Some of his biggest positions were in sectors that surged amid the market uncertainty, including renewable energy and e-commerce.
“We had little pockets of weakness, but most of our portfolio was quite resilient,” said Mr. Takacsy, president and chief investment officer at Montreal-based Lester Asset Management Inc., which manages about $335-million in assets.
Mr. Takacsy also used the market drop in the spring to add more shares of beaten-down names such as Pembina Pipeline Corp., Gibson Energy Inc. and Badger Daylighting Ltd., for example, and to buy new names such as Canadian Apartment Properties REIT, Brookfield Infrastructure Corp., Altagas Ltd., Toronto-Dominion Bank and Morneau Shepell Inc.
The strategy has so far been profitable, with his Canadian Equity Fund up 11.2 per cent year-to-date, as of Dec. 11, versus a return of 6.1 per cent for the S&P/TSX Composite Index over the same period, based on total returns (which includes reinvested dividends).
Below are some of Mr. Takacsy’s picks across three sectors he favours now – technology, health care and consumer discretionary products:
His two picks are software company MDF Commerce Inc., up about 70 per cent over the past year, and supply chain management software company Tecsys Inc., up about 145 per cent over the same period.

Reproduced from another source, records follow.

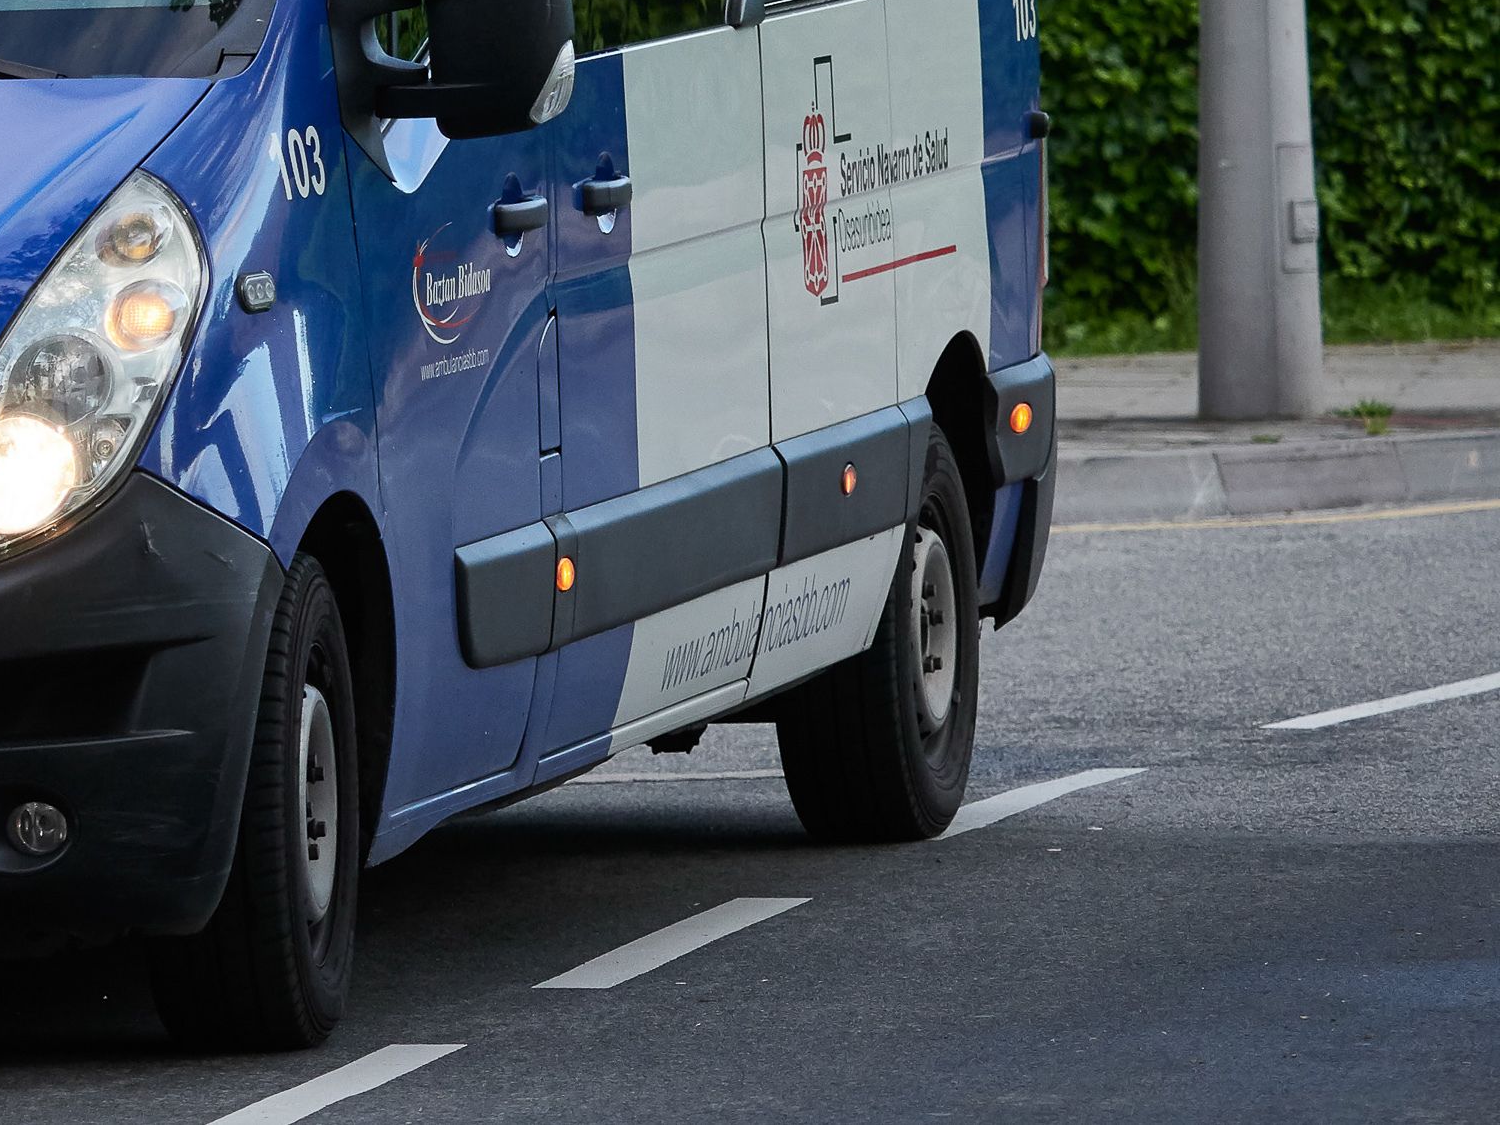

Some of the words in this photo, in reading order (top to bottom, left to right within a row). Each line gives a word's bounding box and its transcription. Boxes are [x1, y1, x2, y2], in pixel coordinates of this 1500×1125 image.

[269, 125, 327, 201] 103
[840, 147, 875, 197] Servicio
[876, 143, 911, 186] Navarro
[912, 134, 923, 177] de
[924, 127, 948, 174] Salud
[426, 273, 456, 307] Baztan
[457, 262, 491, 299] Bidasoa
[420, 348, 490, 381] www.ambulanciasbb.com
[661, 574, 851, 691] www.ambulanciasbb.com

“We’re looking for e-commerce exposure at a reasonable price,” Mr. Takacsy said.
His firm started buying MDF Commerce, formerly known as Mediagrif Interactive Technologies Inc., when it brought in new management last year and bought a large block at $3.50 a share in April from a mutual fund that was selling. The company, which provides software-as-a-service, or SaaS, and e-commerce platforms to enable transactions between buyers and sellers for large corporations and governments, has strong recurring revenue. Mr. Takacsy said the company is signing up large, recurring clients and is making money. “It’s really undervalued and it’s early days [for the company],” he said.
It’s a similar story with Tecsys, which offers retail order and complex distribution supply chain management software services. Mr. Takacsy bought the stock last year when it dropped upon its move to a SaaS model. He said the shift spooked some investors at first, because it means less revenue in the short term, but creates a longer-term recurring revenue stream. “The company’s backlog has exploded and profitability is way up,” he added.

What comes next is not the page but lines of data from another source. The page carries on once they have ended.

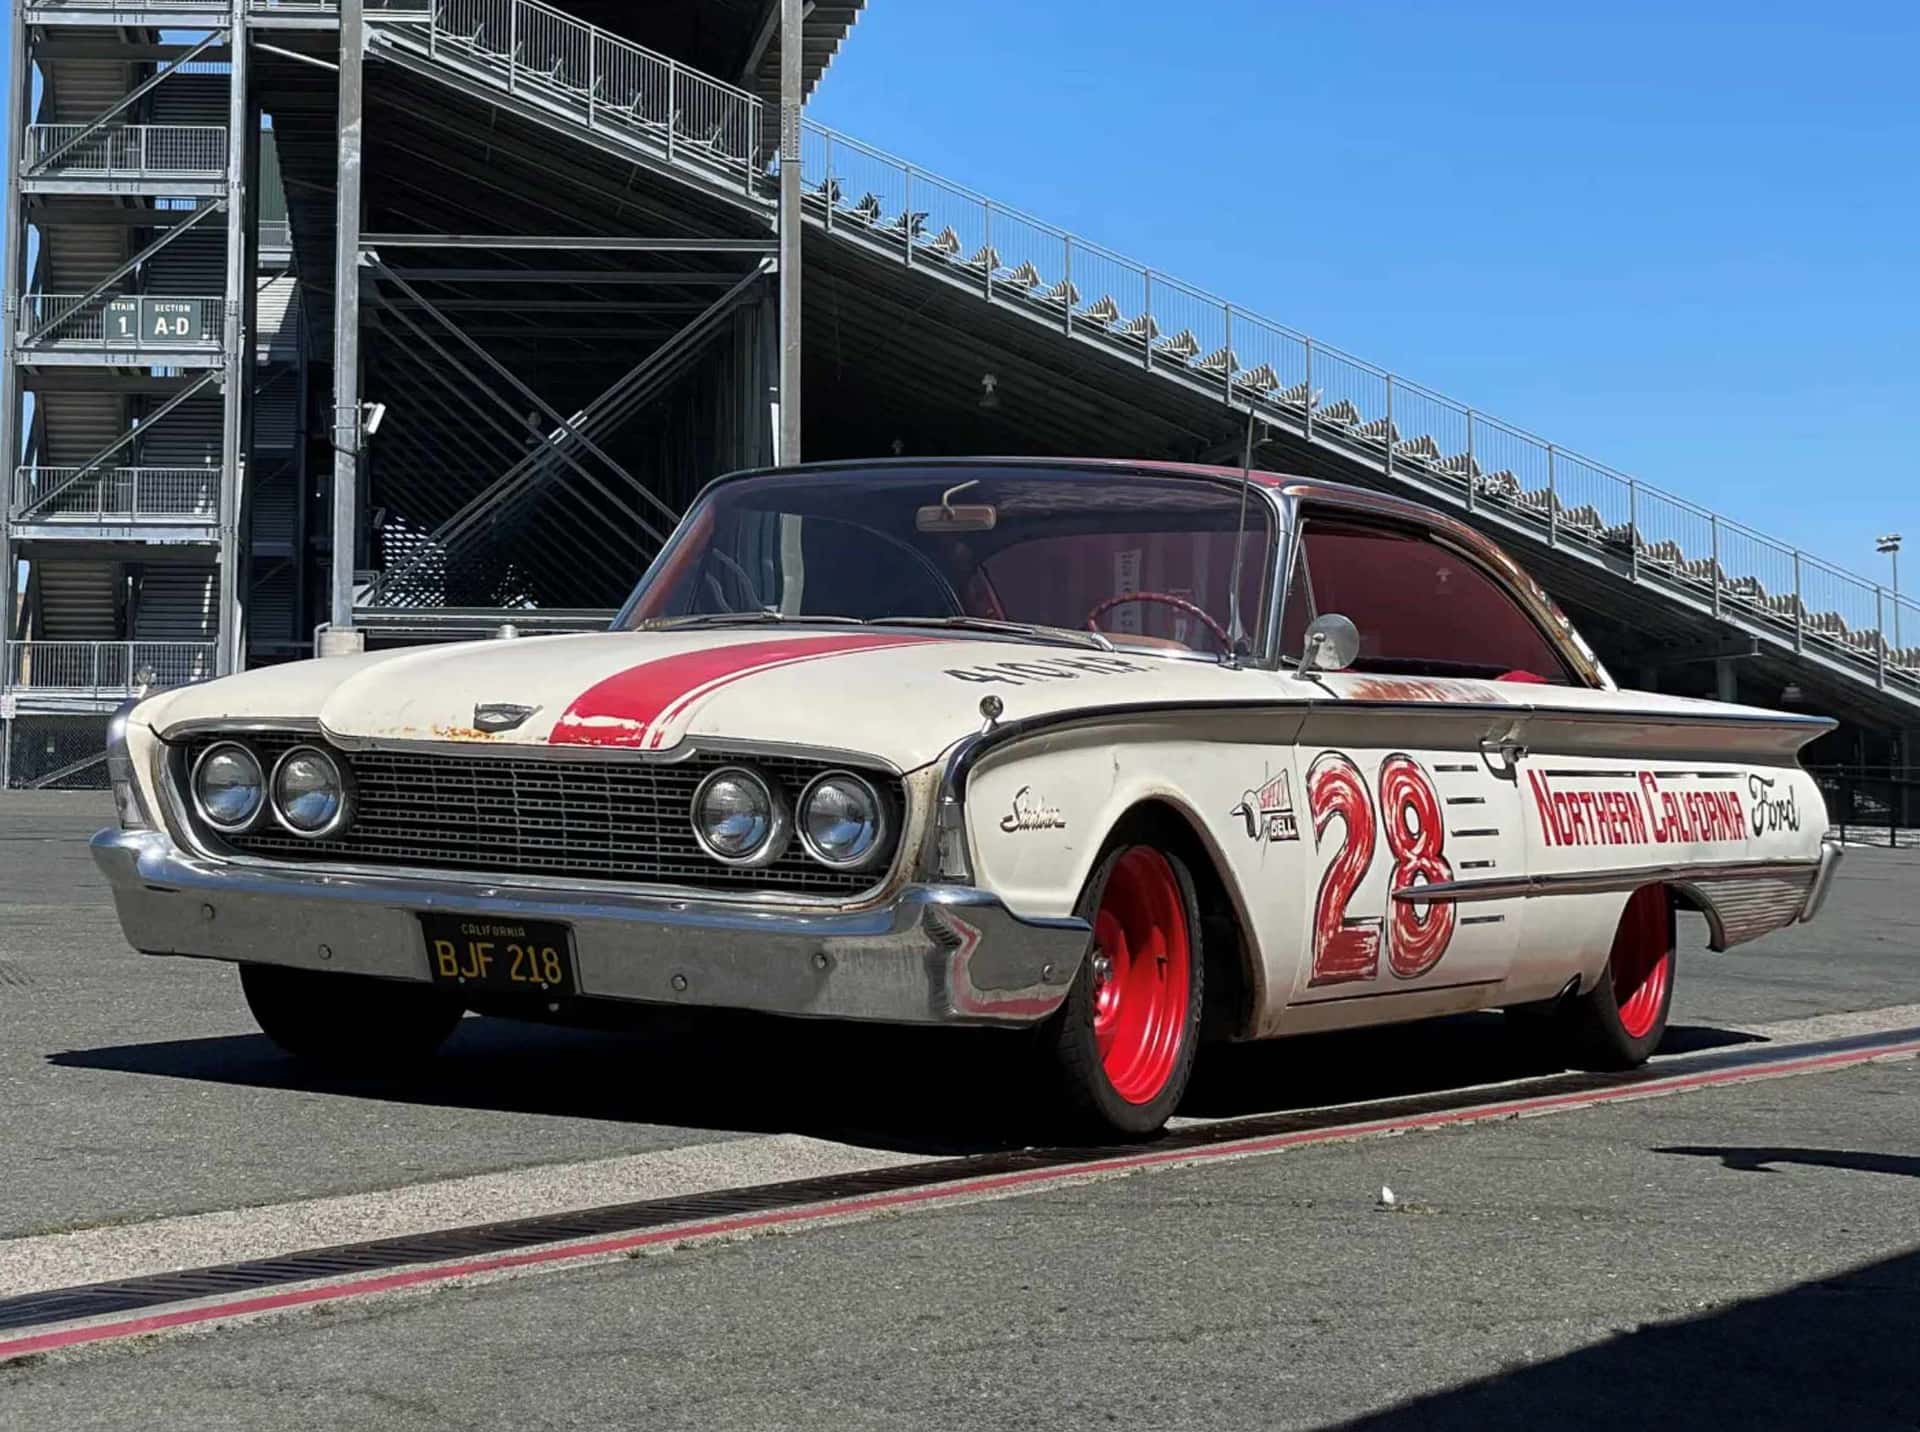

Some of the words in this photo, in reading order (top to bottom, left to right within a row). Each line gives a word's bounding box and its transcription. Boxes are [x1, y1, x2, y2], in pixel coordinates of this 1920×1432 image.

[111, 302, 136, 311] STAIR
[155, 304, 191, 312] SECTION
[118, 316, 128, 334] 1
[154, 317, 189, 336] A-D
[943, 661, 1081, 686] 410
[1527, 769, 1649, 847] NORTHERN
[1638, 770, 1749, 844] CALIFORNIA
[1748, 773, 1801, 837] Ford
[1305, 749, 1457, 988] 28
[461, 923, 526, 937] CALIFORNIA
[434, 940, 495, 978] BJF
[507, 943, 563, 984] 218
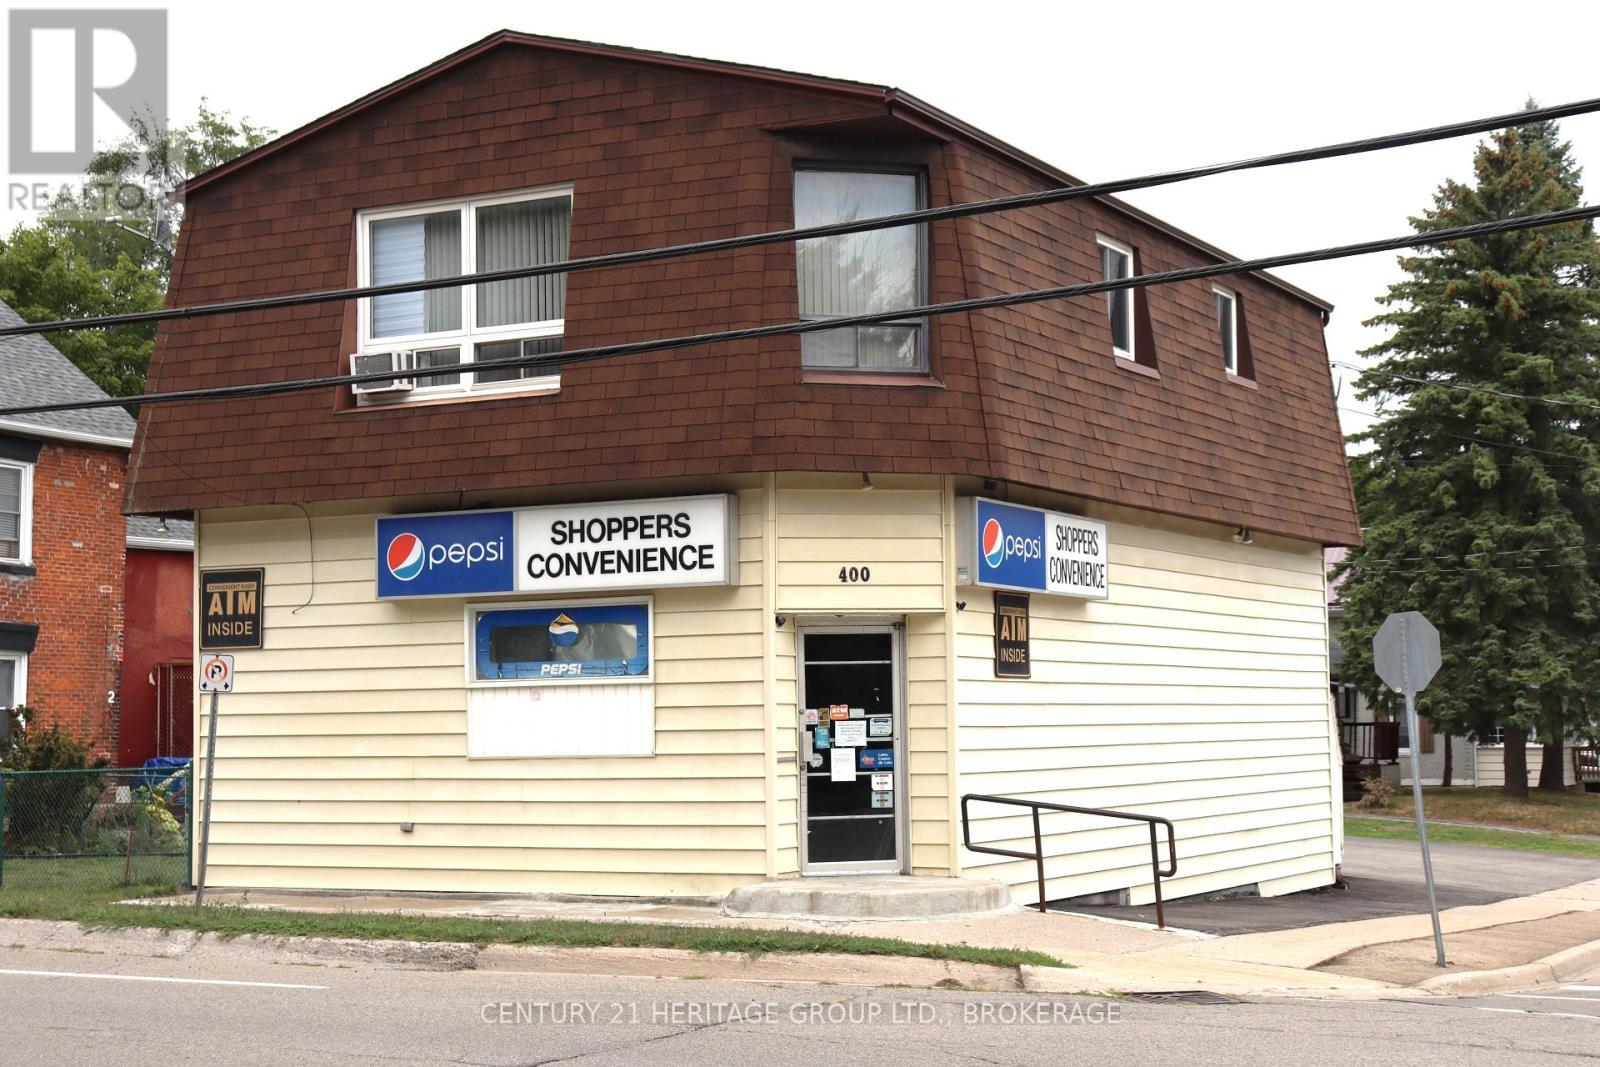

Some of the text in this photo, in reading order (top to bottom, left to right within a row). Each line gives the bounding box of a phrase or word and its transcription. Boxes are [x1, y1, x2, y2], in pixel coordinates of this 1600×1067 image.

[550, 511, 691, 546] SHOPPERS
[1056, 524, 1099, 557] SHOPPERS
[428, 536, 504, 571] pepsi
[527, 544, 715, 579] CONVENIENCE
[1005, 535, 1041, 563] pepsi
[838, 566, 871, 583] 400
[1049, 556, 1105, 589] CONVENIENCE
[208, 591, 256, 616] ATM
[207, 621, 254, 636] INSIDE
[1000, 616, 1027, 641] ATM
[1000, 648, 1026, 663] INSIDE
[540, 663, 582, 676] PEPSI
[107, 690, 115, 704] 2

In the health care space, Mr. Takacsy likes specialty pharmacy company CareRX Corp., and seniors’ housing and long-term care provider Sienna Senior Living Inc. While both are down by about 25 per cent over the past year, Mr. Takacsy believes they’re steady long-term companies that will do well in the years ahead as aging baby boomers require more health care services.
“We wanted to have exposure to this growing industry,” he said. “It’s a way to play health care and demographics at a reasonable price.”

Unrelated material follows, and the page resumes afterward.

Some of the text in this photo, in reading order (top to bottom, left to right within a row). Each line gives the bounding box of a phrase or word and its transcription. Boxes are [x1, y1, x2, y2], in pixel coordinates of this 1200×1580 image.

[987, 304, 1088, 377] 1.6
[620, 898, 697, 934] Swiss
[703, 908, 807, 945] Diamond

He said CareRX is a leader in providing pharmacy services to seniors and is well-capitalized and focused on consolidation in the expanding industry.
Sienna Senior Living, which has been affected by the spread of COVID-19 in seniors’ homes, also has a strong dividend, currently yielding 7 per cent.
“The demographic trends are still there,” he said, adding he believes the “headline risk” from COVID-19 will help drive investment in long-term care facilities, including from governments.
Meal kit company Goodfood Market Corp. and gambling services provider Pollard Banknote Ltd. have both benefited from the stay-at-home trend during the pandemic and are companies Mr. Takacsy believes will continue to expand long term.
He said Pollard, which provides products and services for the lottery and charitable giving industries, is a well-managed company with strong free cash flow in a growing industry with high barriers to entry. Pollard is up by about 25 per cent over the past year.
“[Pollard is] only one of three licensed players and have been great at growing their market share by being very creative,” he said, citing examples such as instant scratch tickets and online lotteries. “It’s become a form of home entertainment.”
Goodfood is a fast-growing company that Mr. Takacsy was skeptical of, at first, until he learned more about the meal kit trend that first took off in Europe years ago.
“I was so impressed by management and decided to take a flier on it,” he said, buying the shares at $1.46 apiece in the summer of 2017, not long after it went public.
The bet paid off. Goodfood shares are now trading around $8.75 and are up about 180 per cent over the past year alone. “The company has executed flawlessly, which to me was the biggest risk,” he said. “And the pandemic has accelerated [its] path to profitability with the trend of ordering food at home.”
The stock has pulled back from a historic high of $10.49 in mid-October, which Mr. Takacsy believes provides a good entry point for interested investors.